Julie's Husband said:


> Why? She was an incredible support in helping me learn to be sexually active while I was castrate. Nothing like experimenting with something new to heat up the old flames.


Because you used the term 'castrated' without clarifying that it was chemical, and part of cancer treatment. That led some to believe you were literally physically castrated.


----------



## Numb26 (Sep 11, 2019)

frusdil said:


> Because you used the term 'castrated' without clarifying that it was chemical, and part of cancer treatment. That led some to believe you were literally physically castrated.


Another click bait thread just for reactions


----------



## DownByTheRiver (Jul 2, 2020)

Julie's Husband said:


> I was chemically castrated with Lupron as part of treatment for prostate cancer. We call it hormone treatment or ADT as the word castrate is scary.

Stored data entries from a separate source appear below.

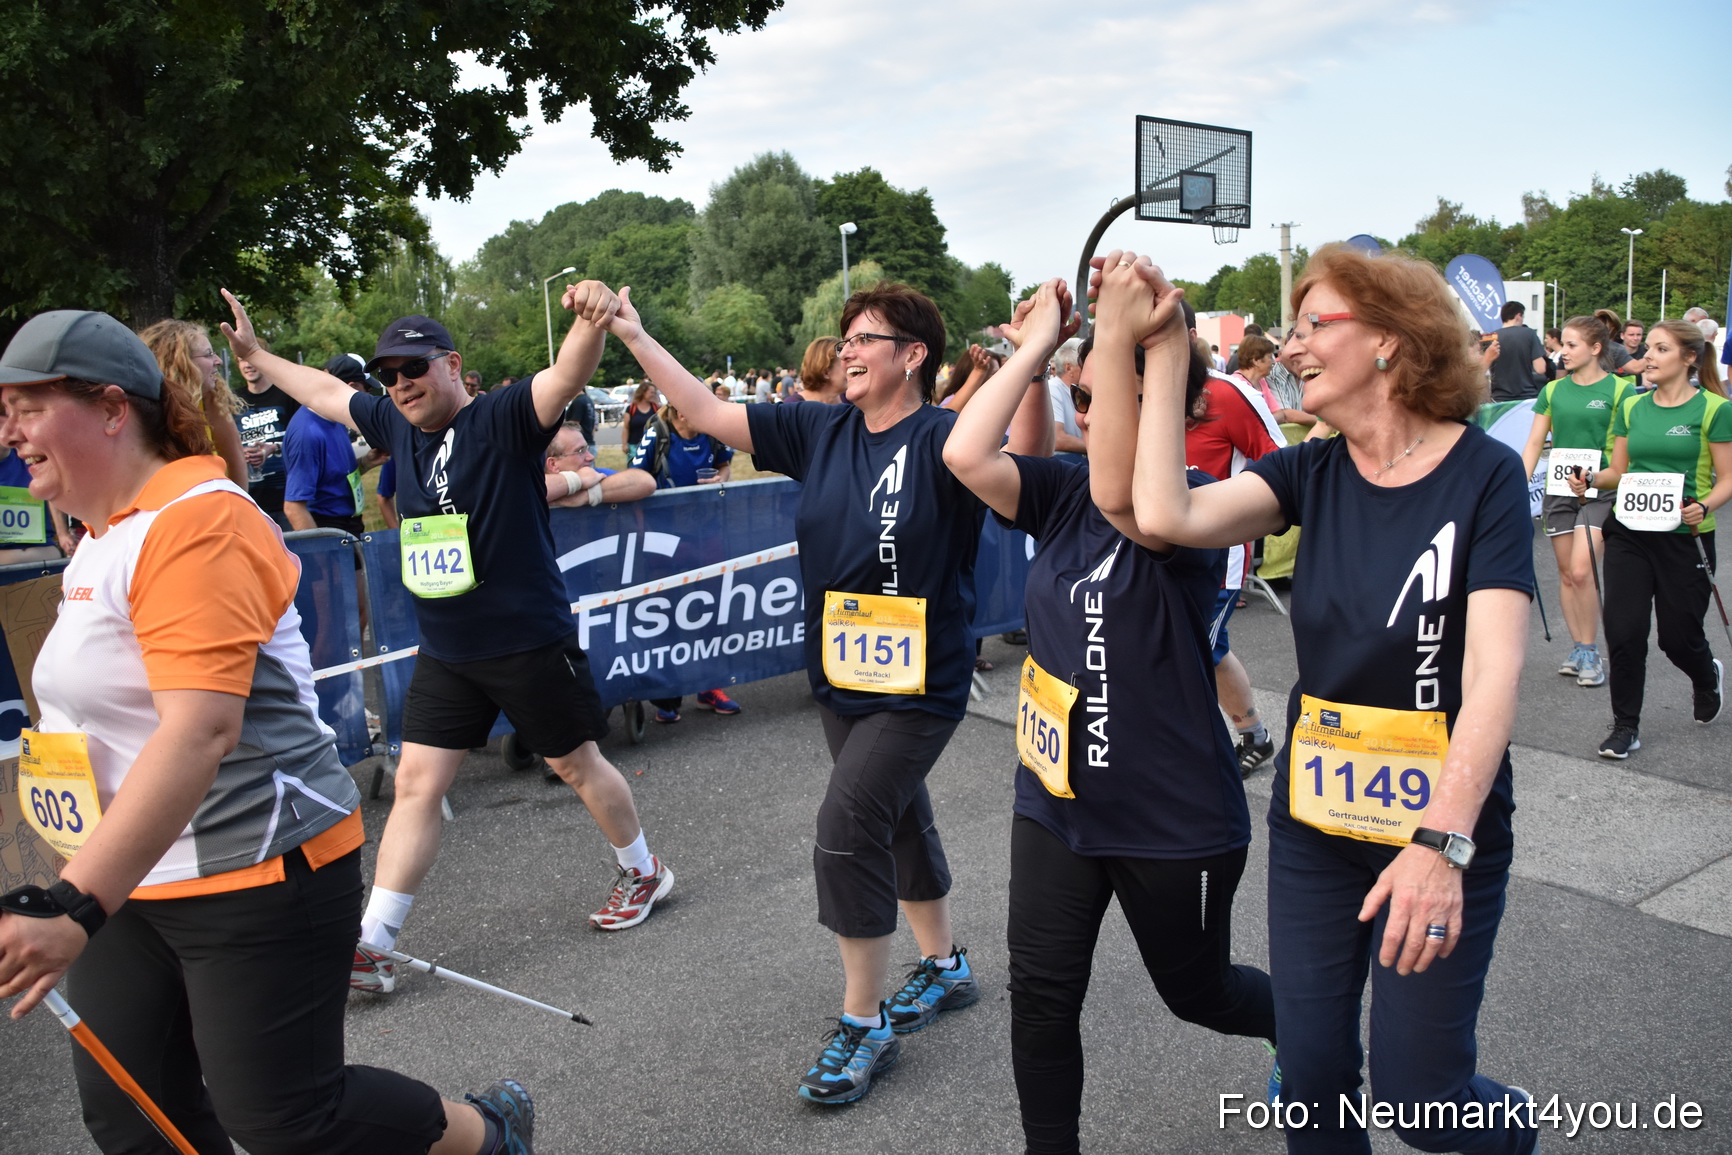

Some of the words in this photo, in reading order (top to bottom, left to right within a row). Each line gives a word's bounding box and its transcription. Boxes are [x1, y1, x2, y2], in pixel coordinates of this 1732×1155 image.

[241, 409, 279, 430] Sunset
[1665, 425, 1692, 436] AOK
[1624, 493, 1674, 512] 8905
[408, 548, 464, 576] 1142
[578, 571, 804, 650] Fische
[833, 632, 911, 667] 1151
[1416, 615, 1445, 710] ONE
[1085, 592, 1109, 767] RAIL.ONE
[1021, 702, 1060, 764] 1150
[1297, 735, 1336, 751] walken
[1310, 722, 1361, 740] firmenlauf
[1305, 755, 1431, 811] 1149
[31, 786, 83, 833] 603
[1328, 809, 1369, 823] Gertraud
[1371, 815, 1402, 827] Weber
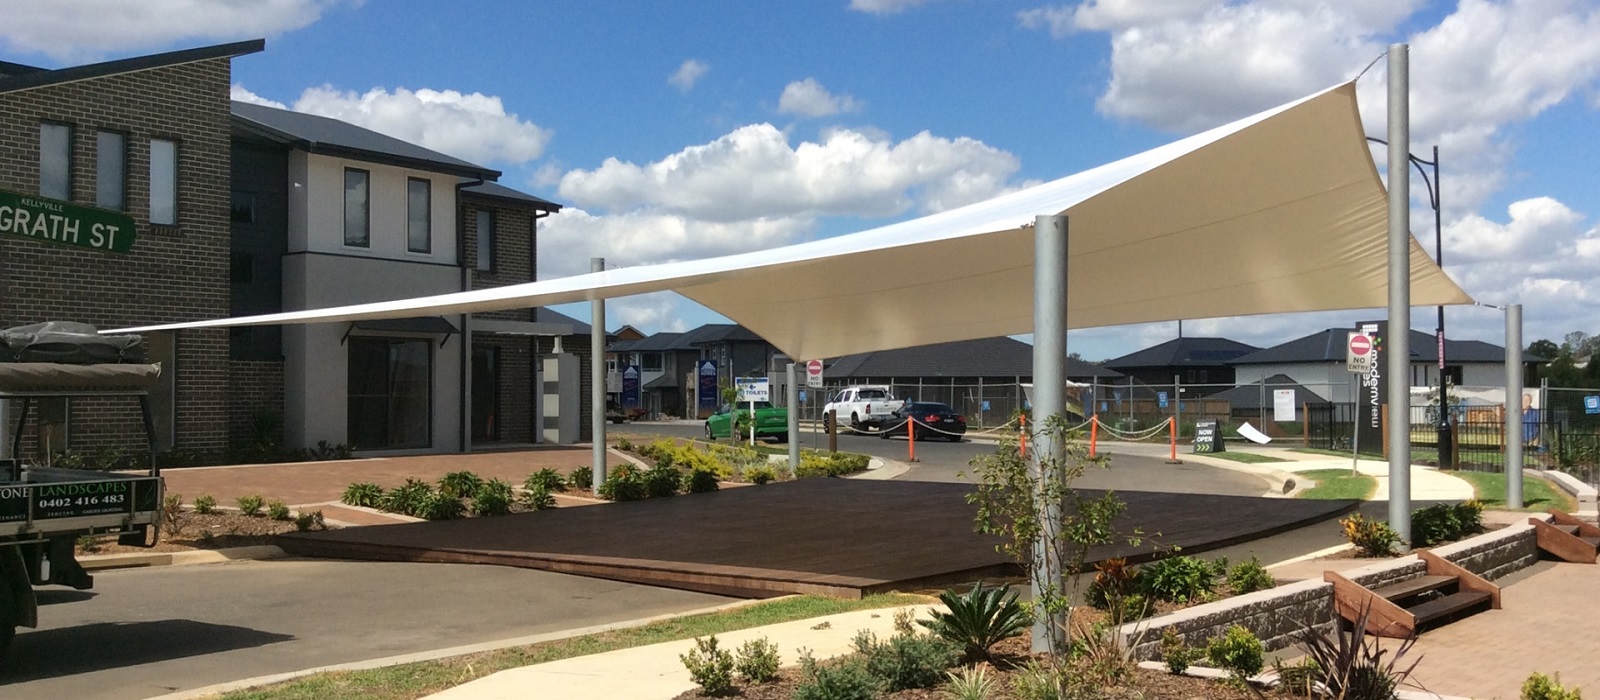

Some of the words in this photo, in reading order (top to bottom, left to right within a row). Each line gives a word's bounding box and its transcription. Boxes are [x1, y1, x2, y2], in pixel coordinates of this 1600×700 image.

[21, 198, 64, 212] KELLYVILLE
[89, 222, 120, 250] ST
[1348, 363, 1369, 371] ENTRY
[39, 481, 127, 497] LANDSCAPES
[39, 497, 71, 508] 0402
[74, 496, 98, 505] 416
[101, 494, 125, 503] 483
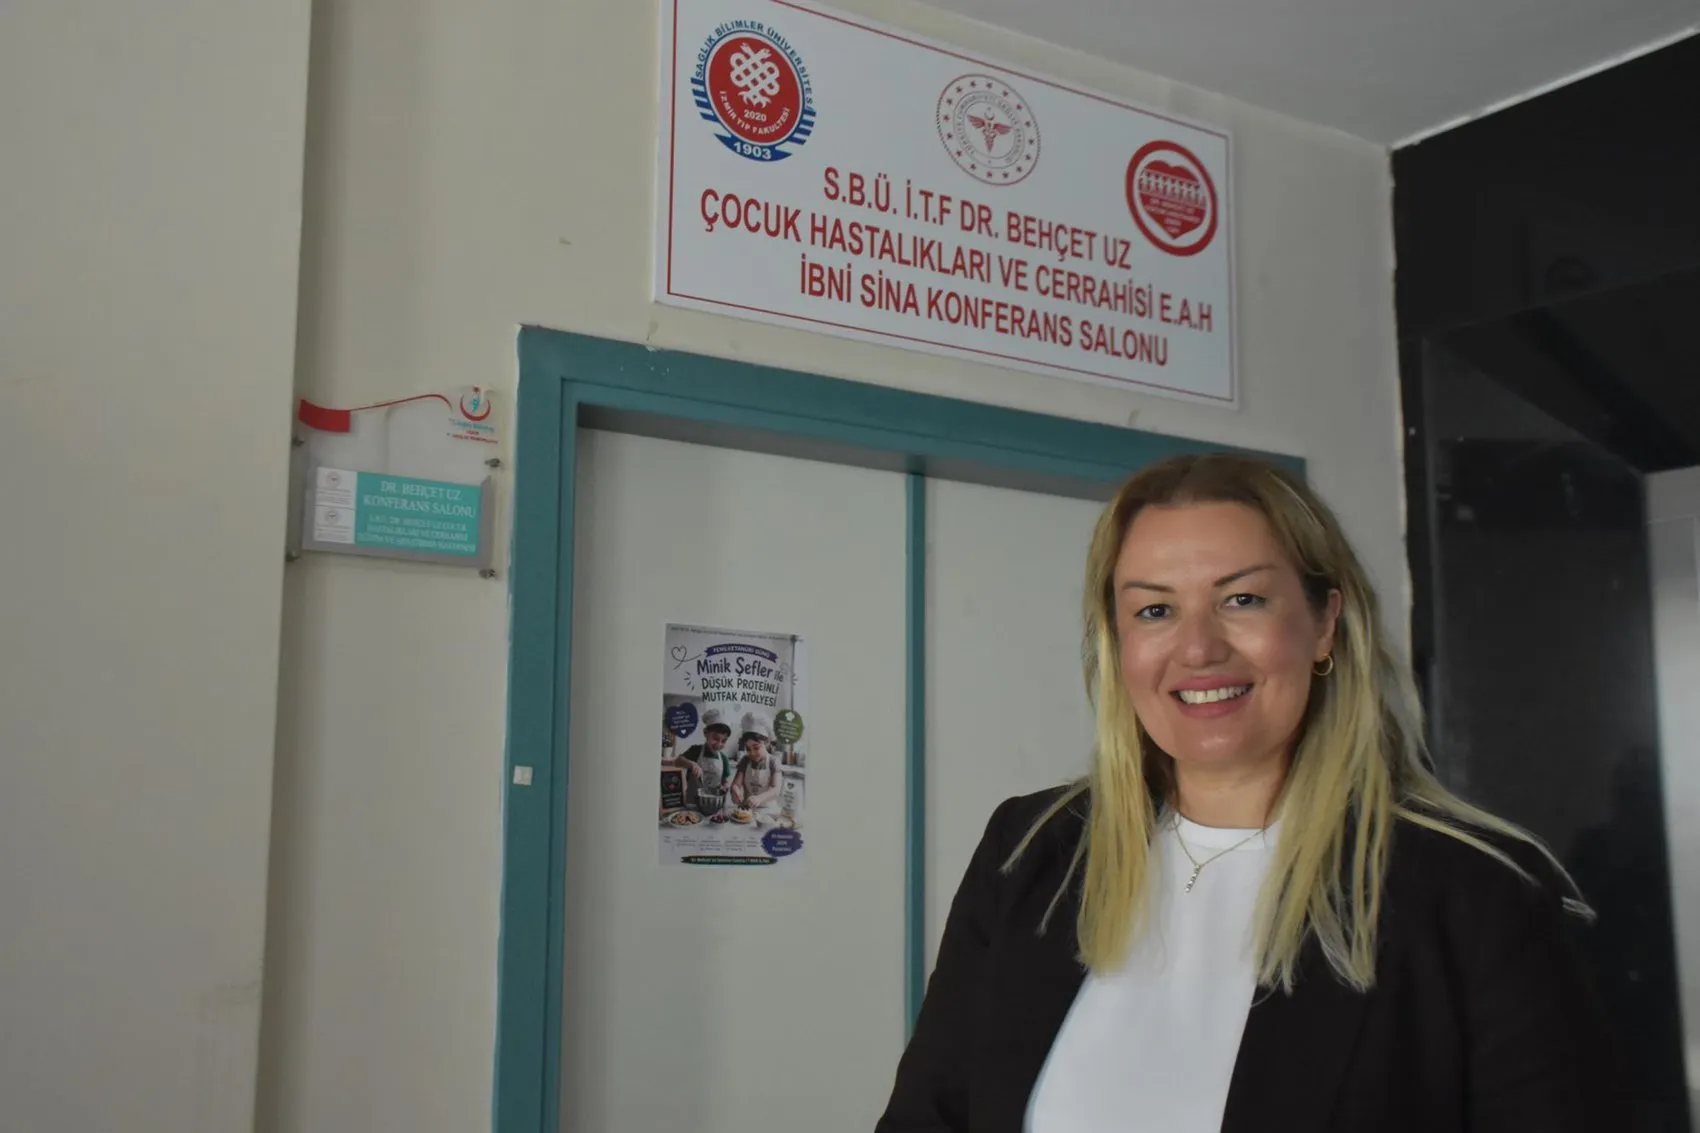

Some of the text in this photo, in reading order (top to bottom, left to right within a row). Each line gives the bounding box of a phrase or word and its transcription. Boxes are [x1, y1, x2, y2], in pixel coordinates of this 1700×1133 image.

[743, 108, 767, 122] 2020
[733, 141, 772, 160] 1903
[824, 166, 1132, 270] S.B.Ü. İ.T.F DR. BEHÇET UZ
[700, 188, 1214, 333] ÇOCUK HASTALIKLARI VE CERRAHİSİ E.A.H
[800, 253, 1168, 367] İBNİ SİNA KONFERANS SALONU
[402, 483, 445, 499] BEHÇET
[446, 488, 462, 501] UZ
[363, 494, 431, 513] KONFERANS
[431, 501, 476, 519] SALONU
[696, 657, 732, 675] Minik
[735, 656, 773, 678] Şefler
[701, 676, 779, 695] DÜŞÜK PROTEİNLİ
[702, 691, 778, 708] MUTFAK ATÖLYESİ

It is (usually) (sort of) temporary. I was on Lupron for 6 months.
> 
> The hormone treatment causes menopause. Both men and women go through menopause, usually over a period of years, but Lupron brings it crashing on in less than a month.
> 
> I was officially no longer castrate as of early 2021 and am now randy and functional.


Well that's good!


----------



## Julie's Husband (Jan 3, 2022)

Numb26 said:


> Another click bait thread just for reactions


Pay attention. I am trying to bring attention to the taboos looking at male sexuality. The taboos hurt men. And women. 

The ignorance of men being able to be sexually active while castrate leads doctors to fail to advise men to attempt sex while castrate as part of treatment for prostate cancer and that leads to permanent atrophy. There is no excuse for doctors being ignorant of what is needed to prevent permanent damage.

When men feel they are not capable of sex they feel they are less than men and push loved ones away or isolate from loved ones. I moderate a prostate cancer forum where there is constant attention on relationships destroyed because men feel they are not able to fulfill their role and please their partners.

The fact is that men should be encouraged to attempt to be sexually active with their partners while they are castrate. For an unknown number (due to lack of studies) of men, sex is possible. I was sexually active the entire time I was castrate and want to help other men do the same.


----------



## Julie's Husband (Jan 3, 2022)

frusdil said:


> Because you used the term 'castrated' without clarifying that it was chemical, and part of cancer treatment. That led some to believe you were literally physically castrated.


Surgical and permanent castration was the standard treatment until chemical castration was developed fairly recently.


----------



## ccpowerslave (Nov 21, 2020)

Julie's Husband said:


> Pay attention. I am trying to bring attention to the taboos looking at male sexuality.


Thank you for your work! Since Charlie is AWOL can you reveal anything about the taboo of pegging?


----------



## Julie's Husband (Jan 3, 2022)

ccpowerslave said:


> Thank you for your work! Since Charlie is AWOL can you reveal anything about the taboo of pegging?


Those are individual tastes. I'm more into the fact that study or discussion of some areas of male sexuality is taboo and the rather silly standards for "masculine" or "male" with men constantly worrying about whether they measure up.


----------



## LATERILUS79 (Apr 1, 2021)

I’m looking forward to your next thread. What will it be? The taboo of cuckolding? Men too scared they don’t measure up to the other men that screw their wives?


----------



## Numb26 (Sep 11, 2019)

LATERILUS79 said:


> I’m looking forward to your next thread. What will it be? The taboo of cuckolding? Men too scared they don’t measure up to the other men that screw their wives?


Don't give him ideas!! "The Joys of Cleanup Duty"


----------



## LATERILUS79 (Apr 1, 2021)

Numb26 said:


> Don't give him ideas!! "The Joys of Cleanup Duty"


Aw man, 😂😂😂. Clean up duty. That is so gross!!!


----------



## Numb26 (Sep 11, 2019)

LATERILUS79 said:


> Aw man, 😂😂😂. Clean up duty. That is so gross!!!


You just don't measure up and aren't a man in touch with whatever the h*ll they are talking about! 🤣🤣🤣🤣🤣


----------



## OnTheFly (Mar 12, 2015)

In our present era of TMI (too much information), I find it hard to believe there are any taboos left. 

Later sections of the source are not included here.